Er ist ein jener raren Klassikstars, die für ihr Label noch ordentlich Kohle einfahren. Dafür werden die neuen Produkte des Umsatzbringers aber auch opulent in Szene gesetzt: Für den Trailer zu seiner letzten CD Destination Rachmaninow: Departure ließ man eine Dampflok samt alten Pullman-Wagons durch die Rockies pfauchen. Der Pianist, zum pittoresken Landstreicher umgestylt, entdeckt im Salonwagen (offene Zugfenster, wachelnde weiße Vorhänge) per Zufall einen zeitgenössischen Konzertflügel der Luxusklasse. Kitschalarm! Da ist das Coverfoto des Silberlings – Trifonov im Anzug mit nachdenklichem Blick in einem edlen historischen Zugabteil – dann doch deutlich stilvoller ausgefallen.

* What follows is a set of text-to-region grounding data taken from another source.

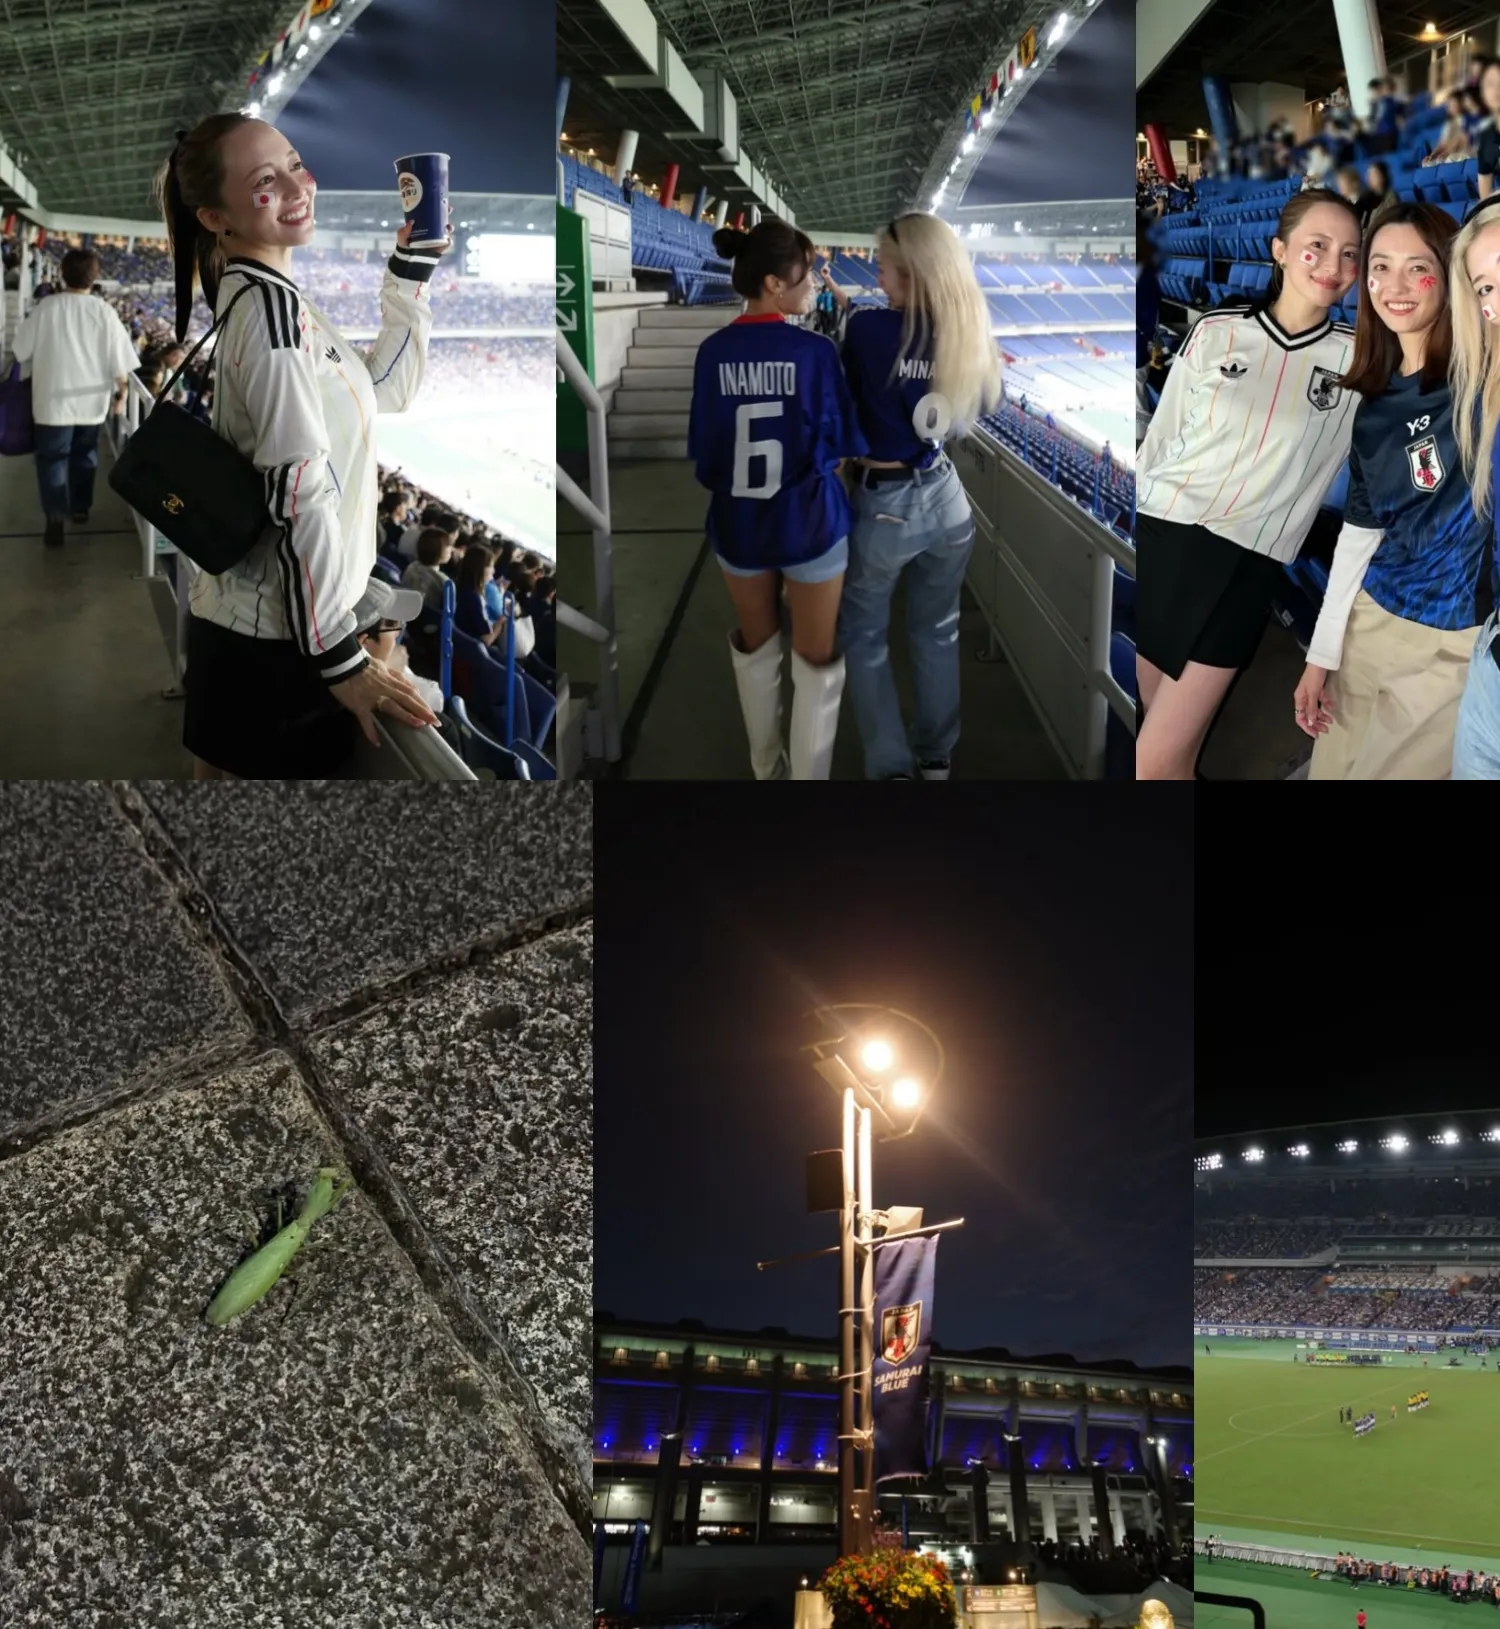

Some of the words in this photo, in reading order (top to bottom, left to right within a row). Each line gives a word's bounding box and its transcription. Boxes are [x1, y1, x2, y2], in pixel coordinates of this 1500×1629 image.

[719, 362, 796, 396] INAMOTO
[899, 358, 938, 380] MINA
[1406, 414, 1431, 437] Y-3
[731, 401, 784, 500] 6
[1413, 440, 1429, 451] JAPAN
[874, 1364, 923, 1387] SAMURAI
[881, 1378, 909, 1394] BLUE
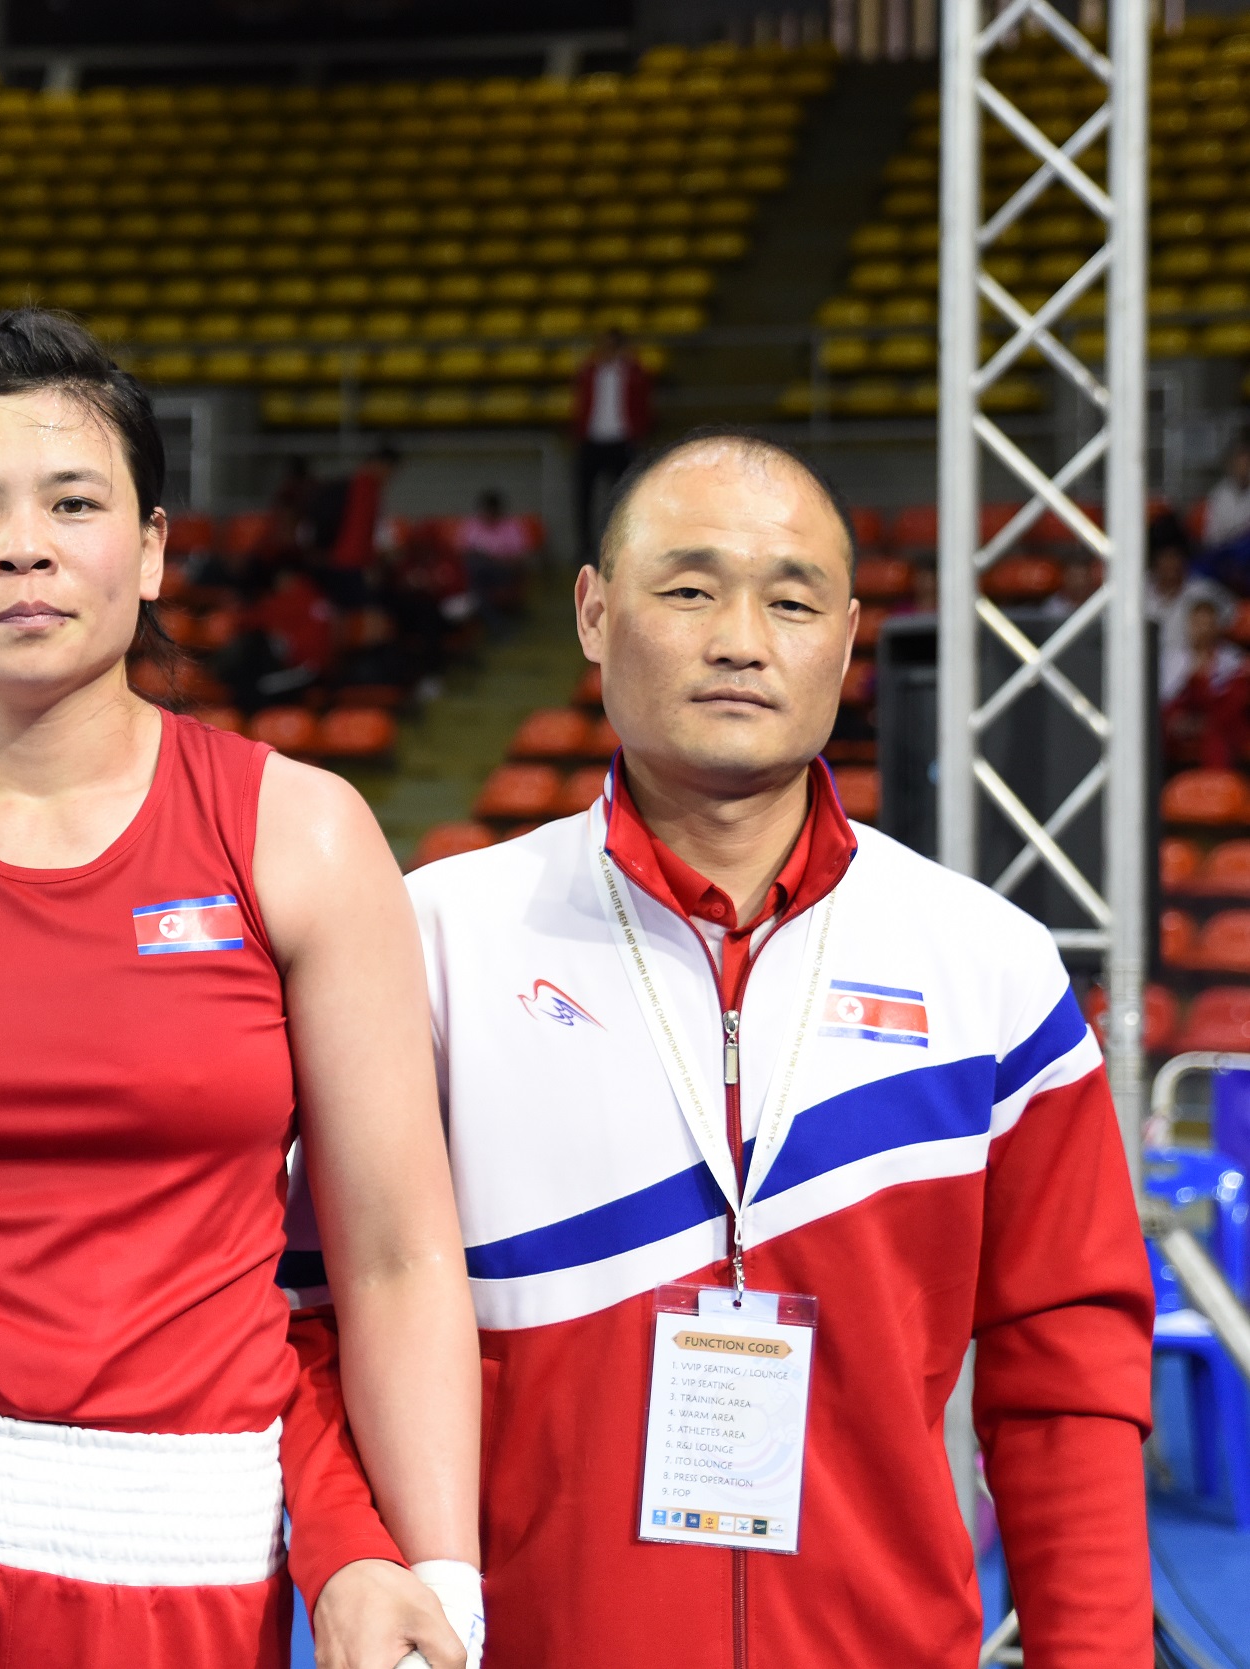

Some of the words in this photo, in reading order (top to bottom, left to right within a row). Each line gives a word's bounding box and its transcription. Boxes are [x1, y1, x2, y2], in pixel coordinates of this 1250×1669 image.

Wenn der große Sergej Rachmaninow in den USA auf Tournee war, ließ er an die Reisezüge einen eigenen Wagon samt Flügel anhängen – ach, es waren eben andere Zeiten. Daniil Trifonov benutzt für seine Konzertreisen selbstverständlich den Flieger, und das nicht gerade selten. Seit der Russe 2011 den Tschaikowsky-Wettbewerb gewonnen hat, ist er die meiste Zeit des Jahres unterwegs. Etwa 130 Konzerte habe er seitdem im Schnitt jährlich gespielt, erzählt Trifonov beim Gespräch in einem trendigen Innenstadthotel in der Nähe der Albertina.

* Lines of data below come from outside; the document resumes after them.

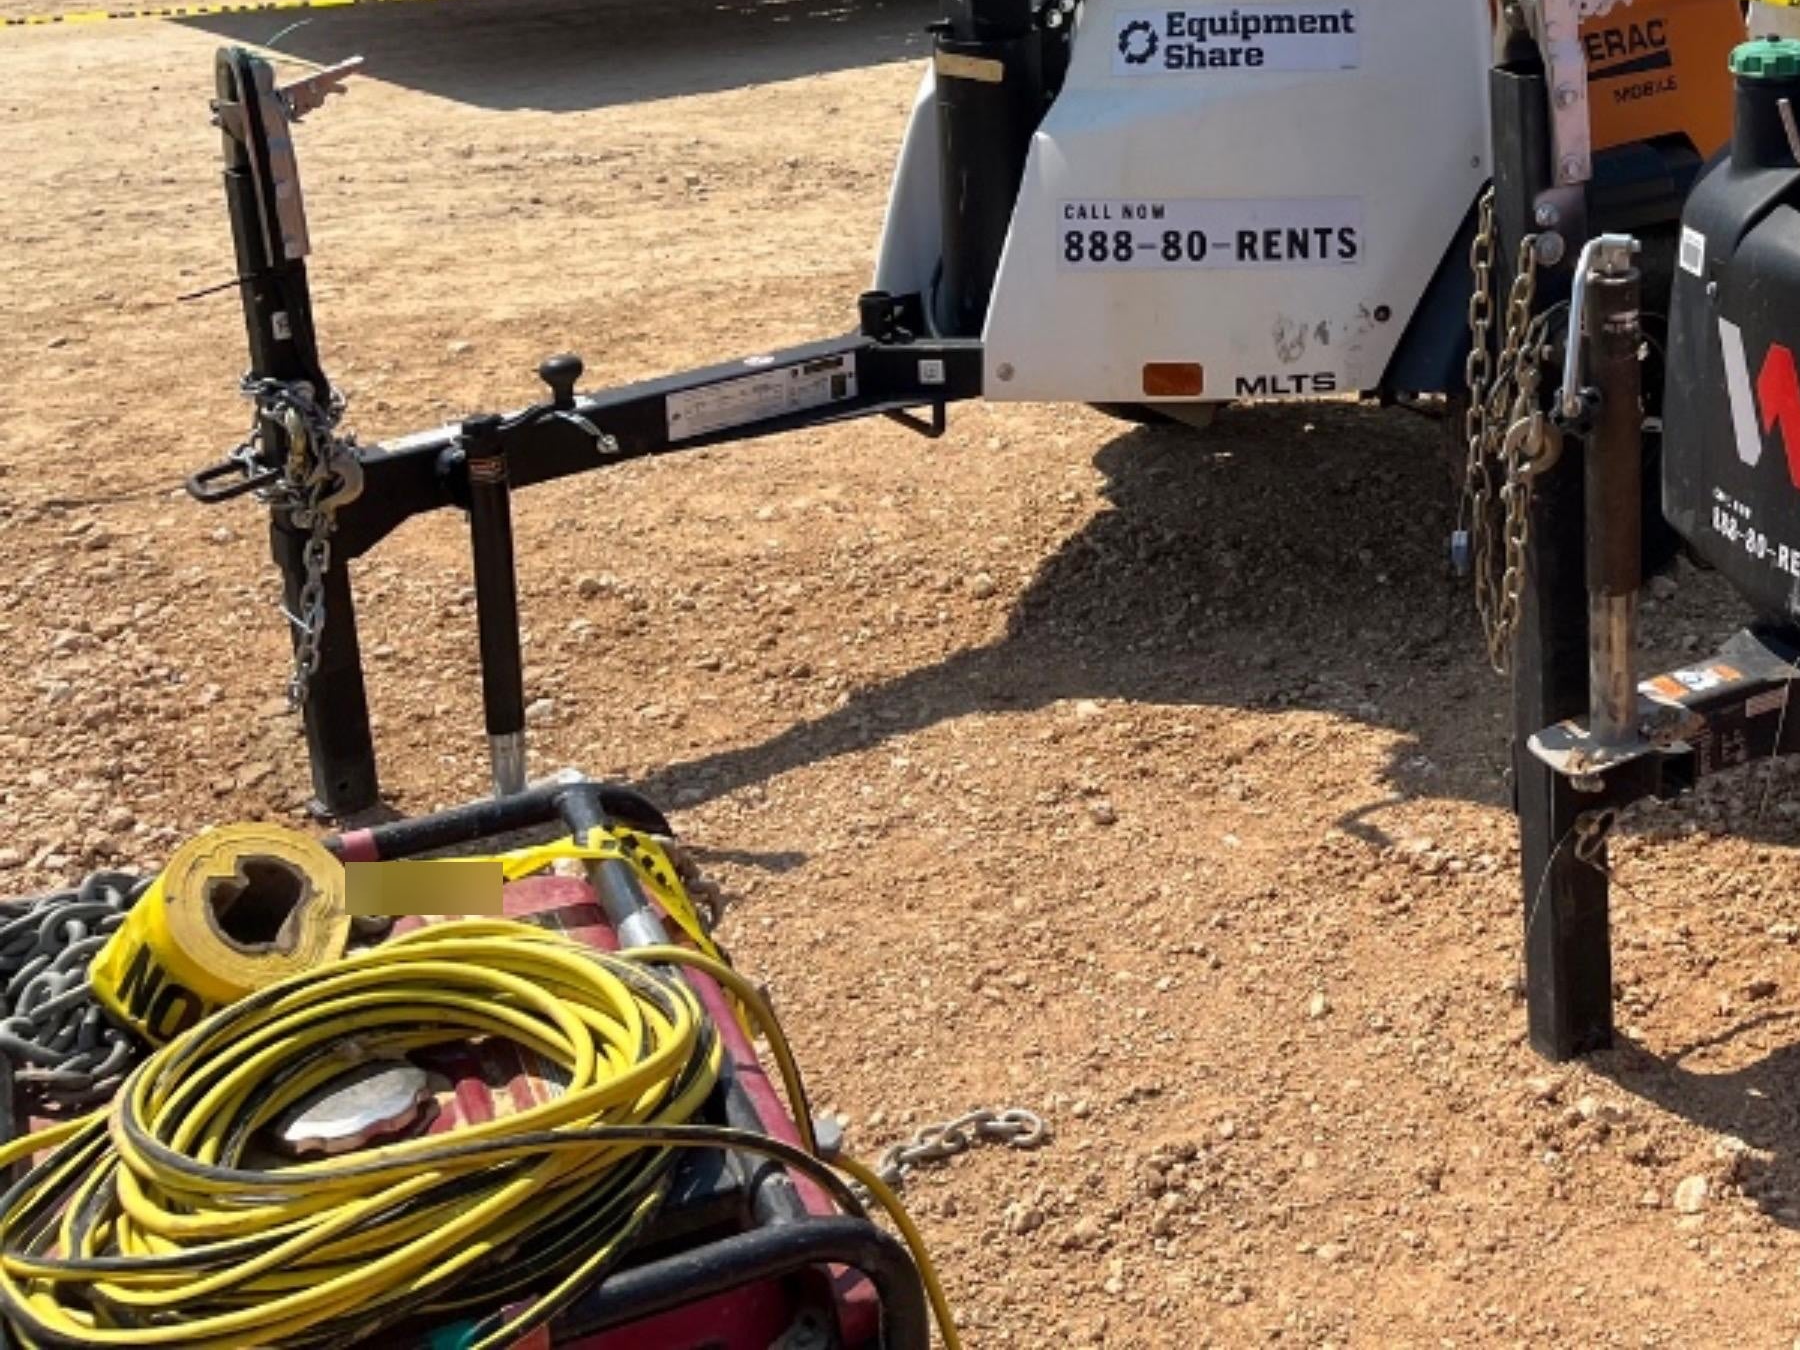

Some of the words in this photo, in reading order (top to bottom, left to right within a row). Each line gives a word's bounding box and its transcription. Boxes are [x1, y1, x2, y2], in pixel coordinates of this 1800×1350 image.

[1165, 8, 1356, 43] Equipment
[1583, 18, 1668, 62] ERAC
[1164, 42, 1265, 70] Share
[1064, 203, 1112, 220] CALL
[1121, 203, 1166, 220] NOW
[1064, 226, 1358, 262] 888-80-RENTS
[1235, 371, 1336, 396] MLTS

Weniger Konzerte, mehr komponieren

Ein Blick in sein Kalendarium verrät: Allein im ersten Halbjahr 2019 interpretiert der 27-Jährige acht verschiedene Konzerte für Klavier und Orchester, er gibt Soloabende, spielt Kammermusikkonzerte und Liederabende. "Für die nächste Saison plane ich allerdings ein Semi-Sabbatical", verrät Trifonov. "Ich werde mich auf 60 Konzerte pro Saison beschränken. Denn ich möchte an neuem Repertoire arbeiten, Bachs Die Kunst der Fuge und die dritte Sonate von Brahms. Und ich möchte komponieren."

Trifonov arbeitet im Moment an einem Liederzyklus für Bariton und Klavier, er vertont hierfür Gedichte von Vladimir Nabokov, Joseph Brodsky und Arseni Tarkowski, dem Vater des berühmten Filmregisseurs Andrei Tarkowski. "Bei der Komposition denke ich natürlich an Matthias Goerne, mit dem ich viel musiziere. Und ich arbeite auch an einem Doppelkonzert für Klavier und Violoncello – die Orchestrierung ist noch nicht abgeschlossen."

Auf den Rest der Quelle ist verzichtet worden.